How things have changed. In modern agriculture those time-honoured foods on which man filled his belly and met his dietary needs are instead fed to livestock, which is in turn fed to man.

In the March 13 edition of New Scientist, author Colin Tudge writes: “The world’s output of meat increased fivefold in the second half of the 20th century. We now have 22 billion farm animals, including 15 billion chickens and 1,3 billion cattle.”

World food industry to increase 50%
Tudge adds that the world food industry is preparing for a 50 percent increase in capacity in the next two decades. With present trends, the number of livestock globally will have soared to the point that the feed they consume would feed an extra 4 billion humans had it not been used for food production.

Cows don’t only produce meat: they’re efficient generators of methane, producing a quarter of the world’s annual emissions, with direct and detrimental impacts of global warming. It could be said that if you were trapped in a confined space with a cow for any length of time you might lose consciousness.

Another major environmental impact posed by so many cattle is on water: Tudge says, “It takes 500 litres to produce a kilogram of potatoes, 900 for a kilo of wheat, nearly 2000 for rice or soya, 3500 for a kilo of chicken and a staggering 100 000 litres for a kilo of beef.”

Too much of a good thing?
This is apart from the health risks of eating too much meat. In the Western world, our problem is generally eating too much protein, rather than too little. Too much animal protein can cause your body to excrete calcium through the urine, as well as increasing your risk of kidney disease.

So how do you put power in your muscles?
But what about blokes who’re following an eating plan, pounding the weight machines at gym and blazing away with aerobic exercise?

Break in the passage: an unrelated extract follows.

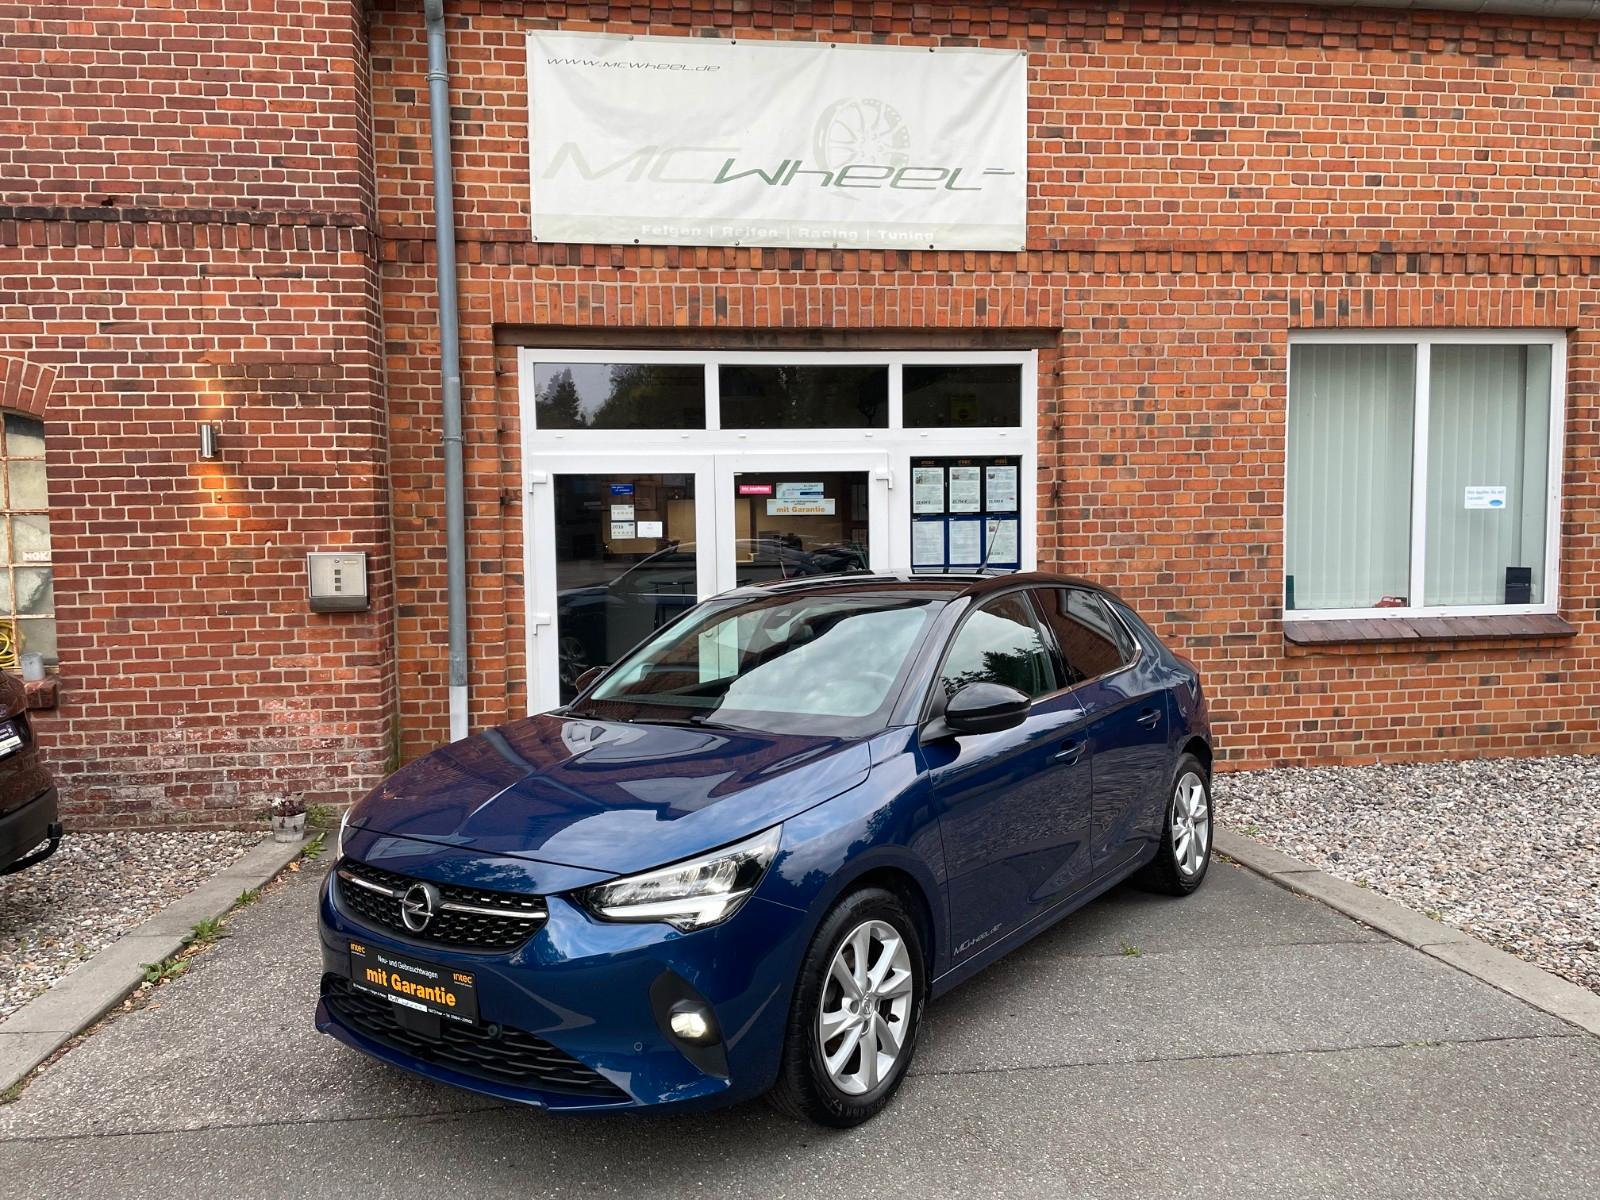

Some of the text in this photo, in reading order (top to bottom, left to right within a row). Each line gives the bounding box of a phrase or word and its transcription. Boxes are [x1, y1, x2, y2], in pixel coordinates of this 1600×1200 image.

[641, 225, 935, 242] Felgen Reifen Racing Tuning
[377, 954, 389, 965] Neu-
[366, 967, 388, 987] mit
[390, 972, 457, 1008] Garantie

Certainly: people who’ve done so include some tough ones, with some Olympic medals in their cabinets at home: Bill Pearl, four-time Mr Universe; sprinter Carl Lewis, named Olympian of the Century; Stan Price, who set a world record for bench-press; Al Oerter, who won four Olympic gold medals throwing discus; Olympic medalist and hurdles sprinter Edwin Moses, and WBC world middleweight champion Keith Holmes.

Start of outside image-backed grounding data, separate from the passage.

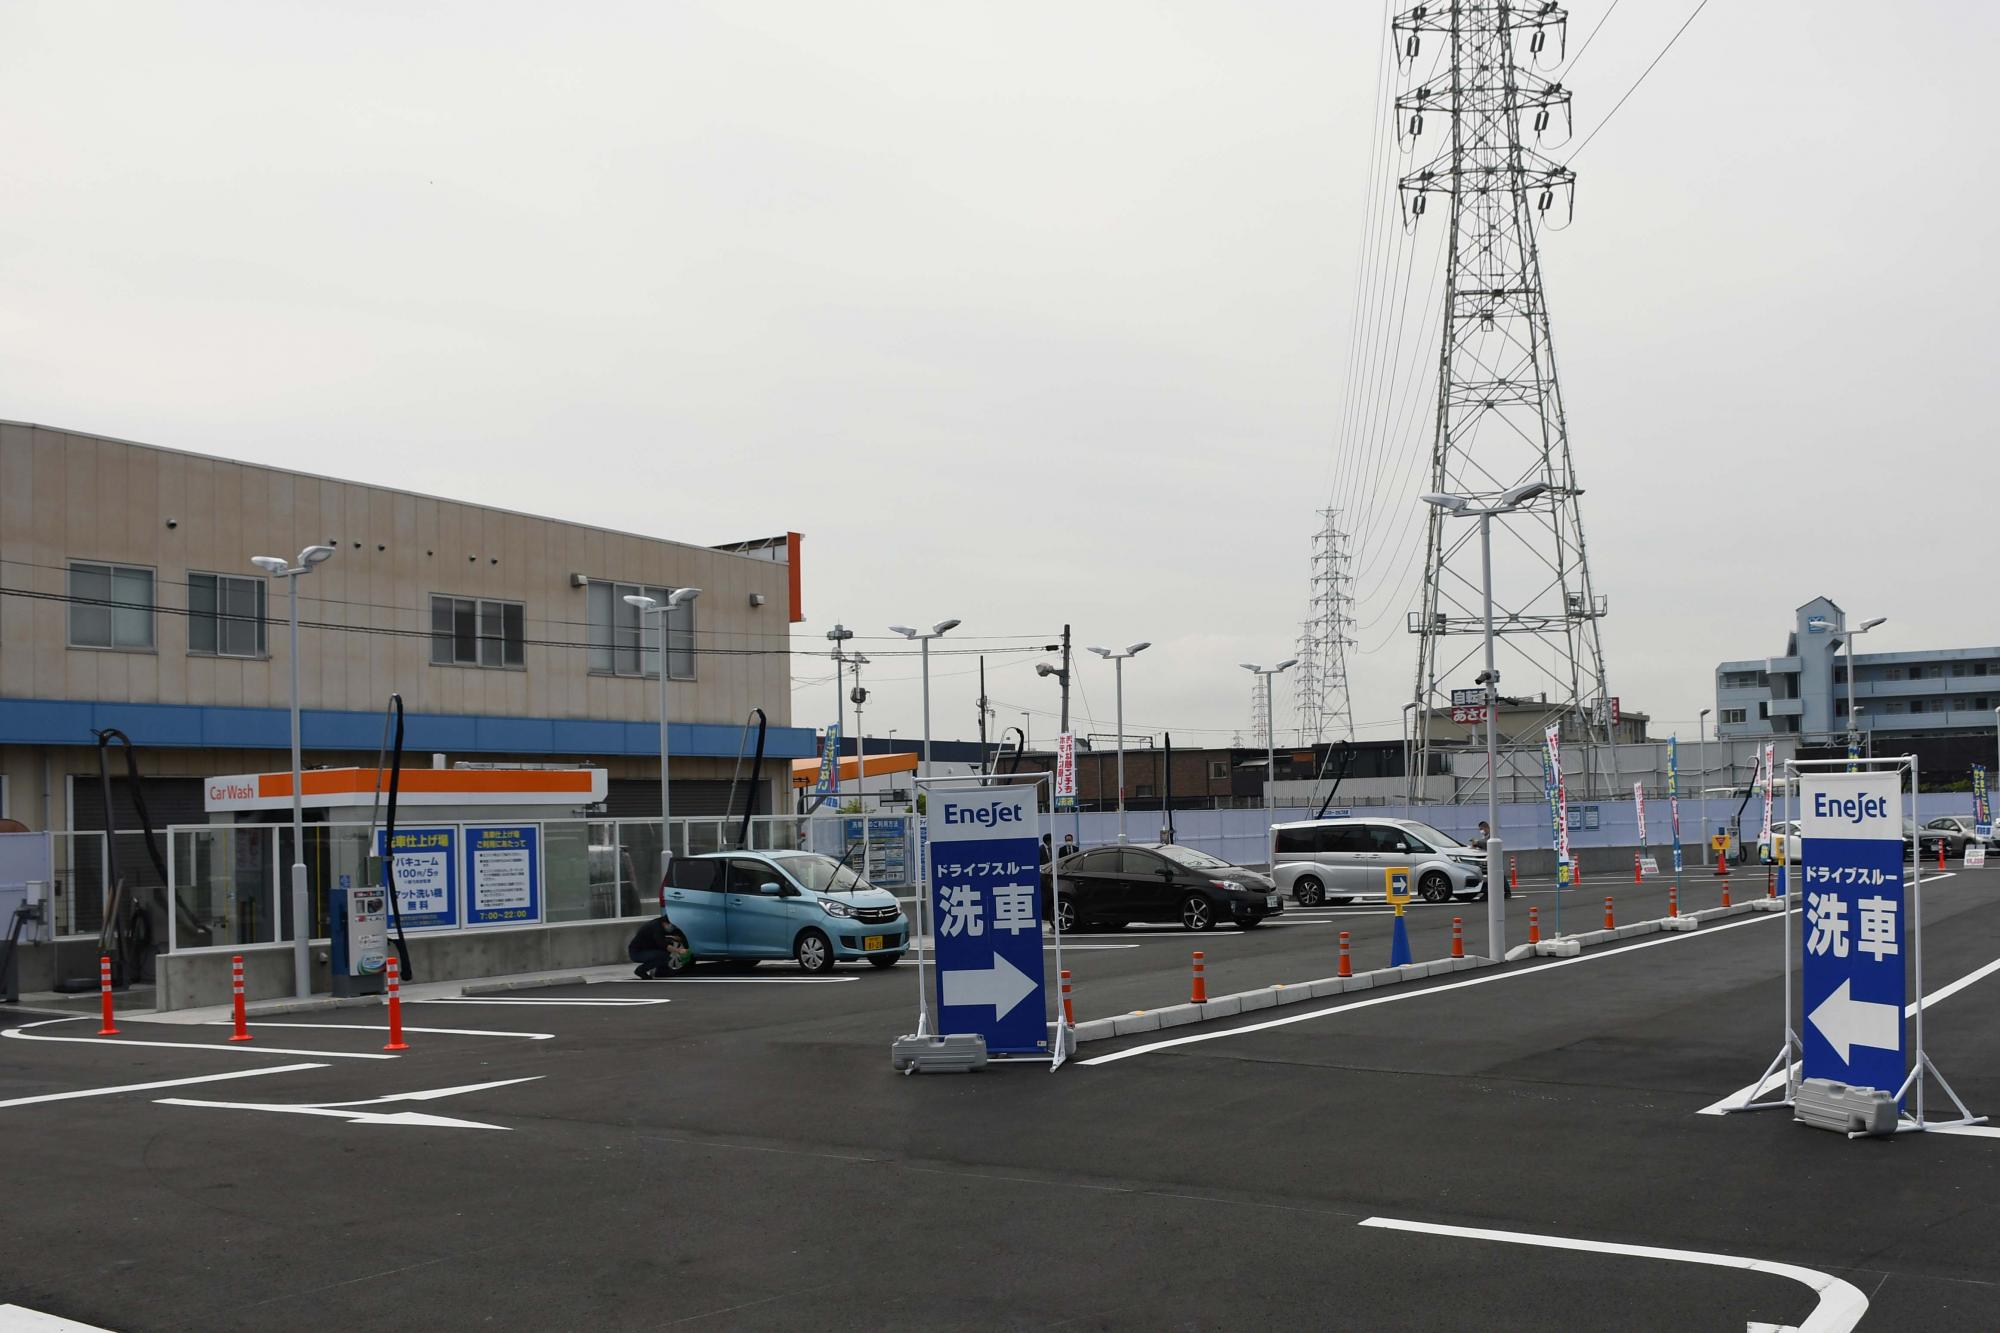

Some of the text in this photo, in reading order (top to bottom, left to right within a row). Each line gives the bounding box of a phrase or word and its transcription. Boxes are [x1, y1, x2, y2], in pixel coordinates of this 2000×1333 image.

[210, 784, 254, 801] Car Wash
[395, 857, 439, 867] バキューム
[937, 861, 1035, 878] ドライブスルー
[1806, 866, 1898, 886] ドライブスルー
[939, 882, 1037, 938] 洗車
[1806, 891, 1899, 962] 洗車

So, what can you do? For a start, have an objective view of your diet and lifestyle: there’s little use in going vegetarian if you smoke 30 cigarettes or knock back a bottle of wine each day.

But assuming you lead a reasonably healthy life, there’s little reason you shouldn’t move to vegetarian or even vegan foods and still sport a beach body.

At least one nutritionist, Dr Jack Norris, has examined whether vegans can pile on muscle and look ripped without scarfing large sections of cow each week. He found that the there was little difference in the protein needs of vegetarian and non-vegetarian body-builders and that a varied diet of grains and beans met the vegetarians’ needs.

One study, known as the Tarnopolsky study, monitored lacto-ovo vegetarians who had trained intensively for three years. It found that two of the six weightlifters studied needed to supplement eat slightly more protein-rich foods such as legumes, soya foods and wheat gluten.

Would you have enough energy to push weights? Definitely. Our ancestors were the complete antithesis of today’s Atkins dieters, going into battle with what The Year 1000 describes as “swords, spears and battle-axes … ferocious and well-crafted weapons” that took solid muscle and stamina to swing. The power came mostly from veggies. (William Smook)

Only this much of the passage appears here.